3. Liability in connection with public WiFis
The Bundestag has resolved upon the draft bill for an amendment of the Telemedia Act (TMG), implementing the amendments as proposed by the legal committee. The objective is to abolish the so-called “secondary liability” for operators of public WIFIs (e.g. free hotspots, guest access in companies), pursuant to which WIFI operators can be held liable for infringements by third parties, in particular copyright infringements, committed via an internet access provided by them. With the same objective, the TMG was already revised in June 2016, but a decision by the European Court of Justice in September 2016 led to legal uncertainties with respect to the liability privilege for operators of public WIFIs.

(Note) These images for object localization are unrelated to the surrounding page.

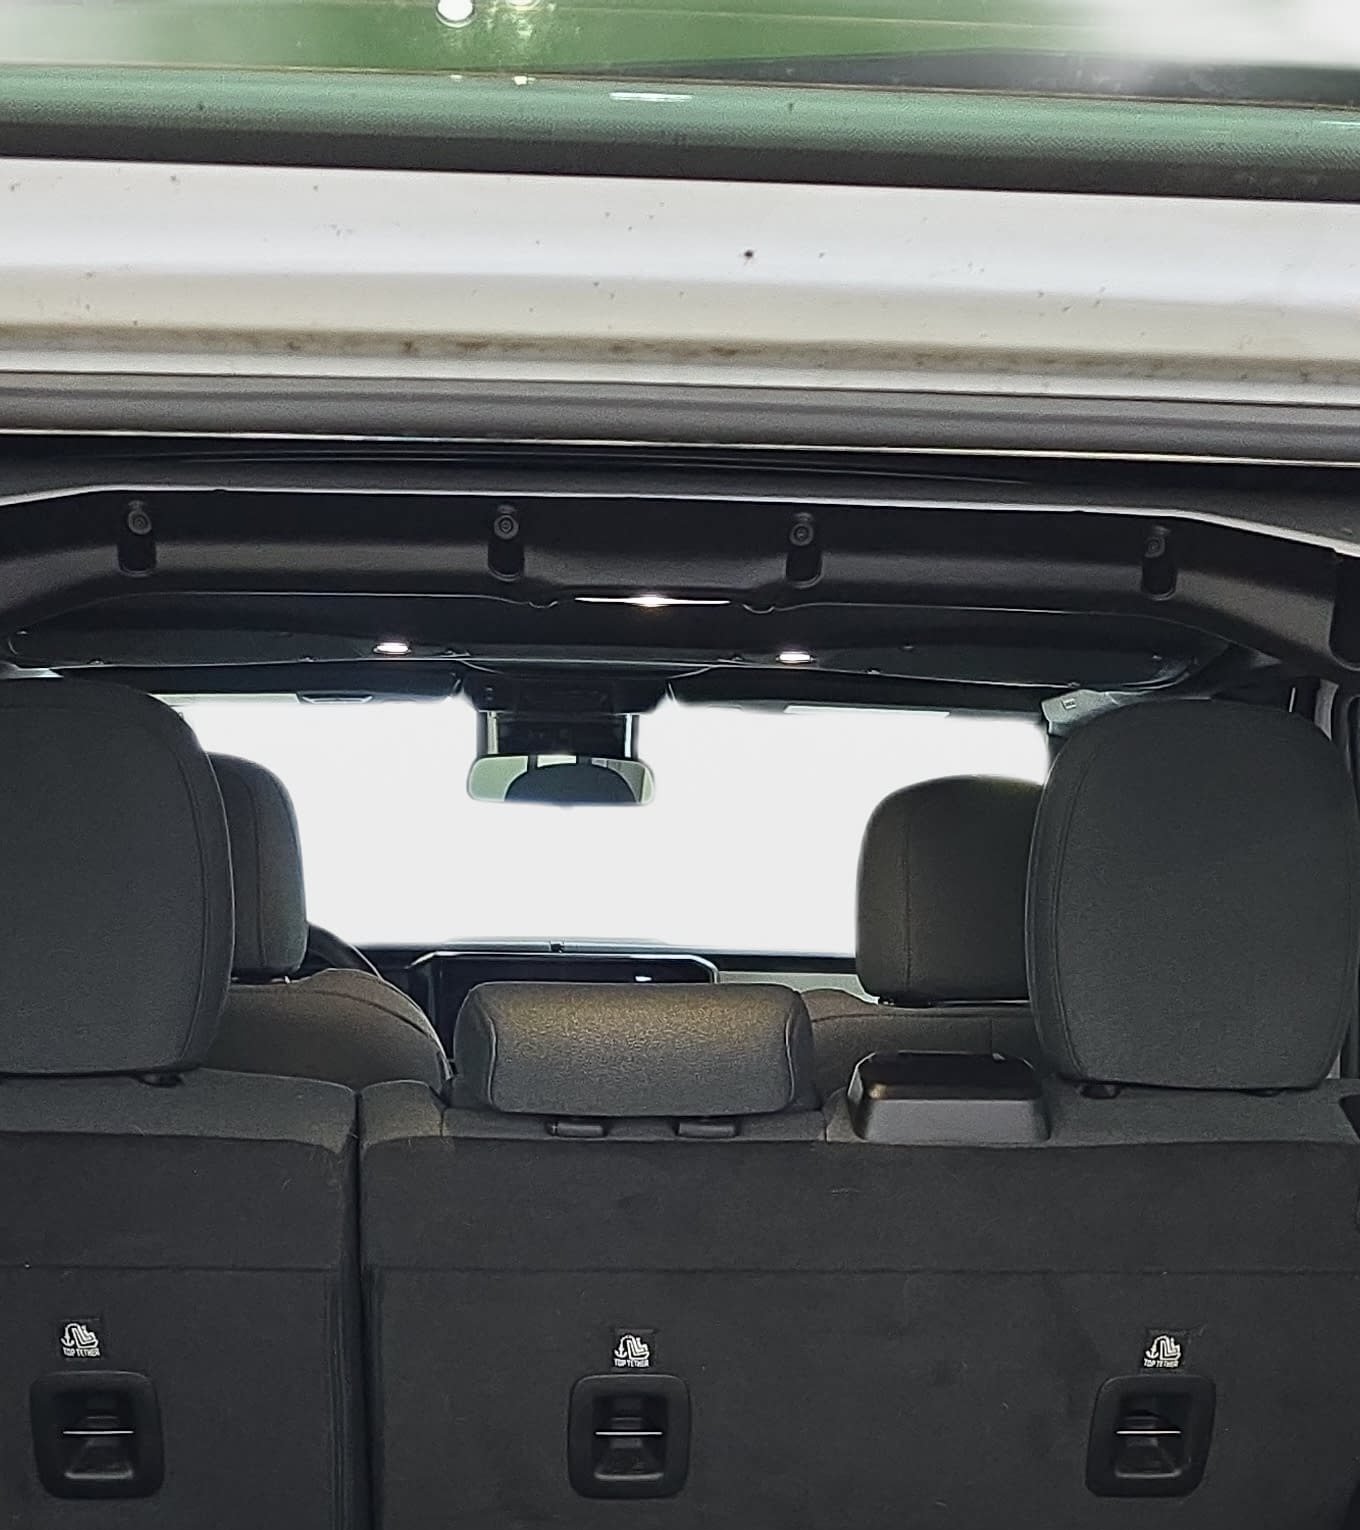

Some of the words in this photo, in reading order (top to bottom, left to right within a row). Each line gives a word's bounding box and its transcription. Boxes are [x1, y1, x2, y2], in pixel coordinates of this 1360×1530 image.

[62, 1347, 75, 1357] TOP
[76, 1347, 100, 1357] TETHER
[614, 1358, 626, 1367] TOP
[627, 1358, 649, 1367] TETHER
[1143, 1359, 1156, 1368] TOP
[1156, 1360, 1179, 1368] TETHER

The law now clarifies that WIFI operators may not be held liable for damage, removal or forbearance with respect to illegal acts committed by third parties. Likewise, the reimbursement of costs incurred in connection with the assertion of such claims is excluded. According to the explanatory memorandum, these are court fees, out-of-court costs and pre-trial cost. This means that in particular warning costs may no longer be charged to WIFI operators. However, there is a basis for claims with respect to usage blockages if intellectual property rights have been violated and no other possibility exists to stop such infringement. In such case, the holder of rights may, as a last resort, assert its claim vis-à-vis the WIFI operator for usage blockage in court; the WIFI operator will then bear the risk of litigation costs, being exempt only from out-of-court and pre-trial costs. Finally, WIFI operators are not obliged to pre-register users, to demand passwords or to permanently discontinue the WIFI service. However, these or similar measures are still feasible on a voluntary basis.

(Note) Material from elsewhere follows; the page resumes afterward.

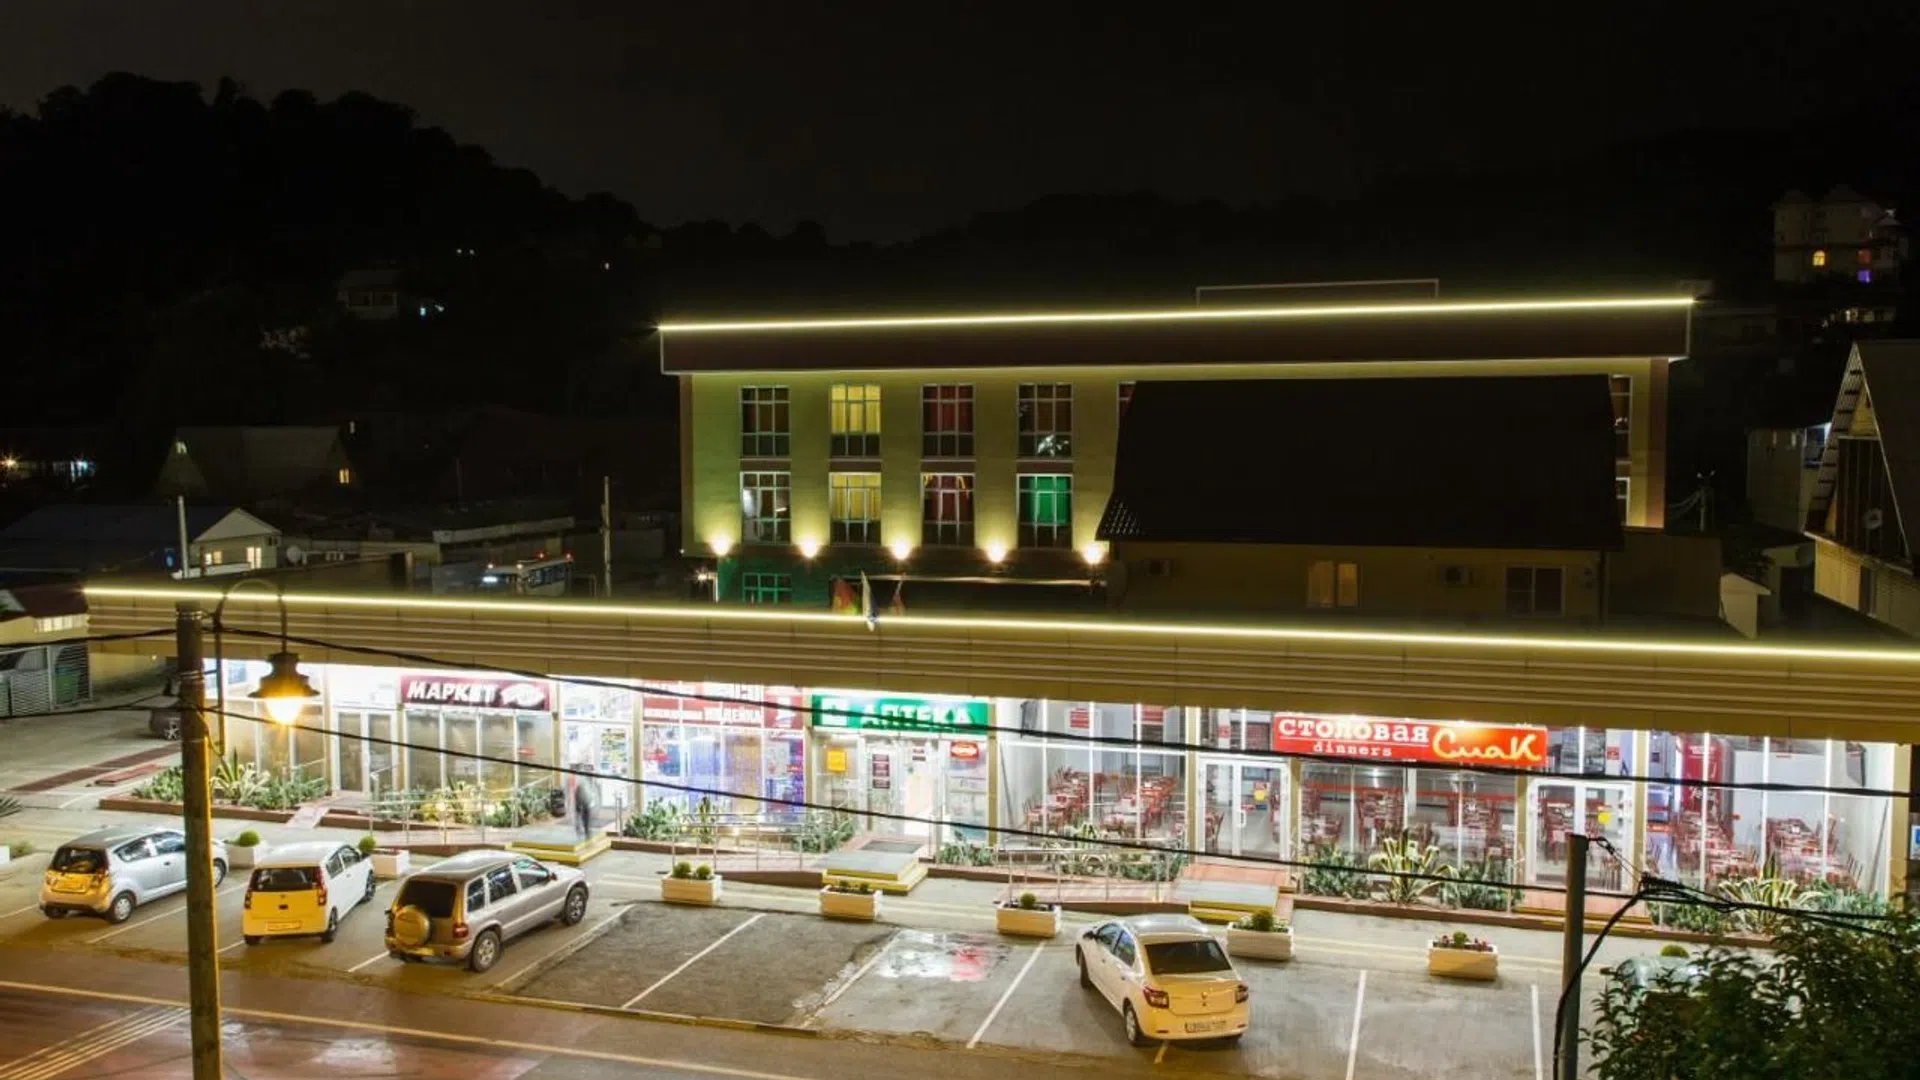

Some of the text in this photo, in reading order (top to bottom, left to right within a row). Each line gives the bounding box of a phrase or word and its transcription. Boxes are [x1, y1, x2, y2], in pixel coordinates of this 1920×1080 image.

With its more clearly formulated liability regulations, the bill should be suitable to achieve the intended aim of facilitating and simplifying the offering and usage of open nets and of making mobile internet via WIFI available to everyone. The newly introduced right to block usages could, however, could factually undermine the intended liability privileges, in particular due to its rather indeterminate restrictions that might in practice be difficult to monitor.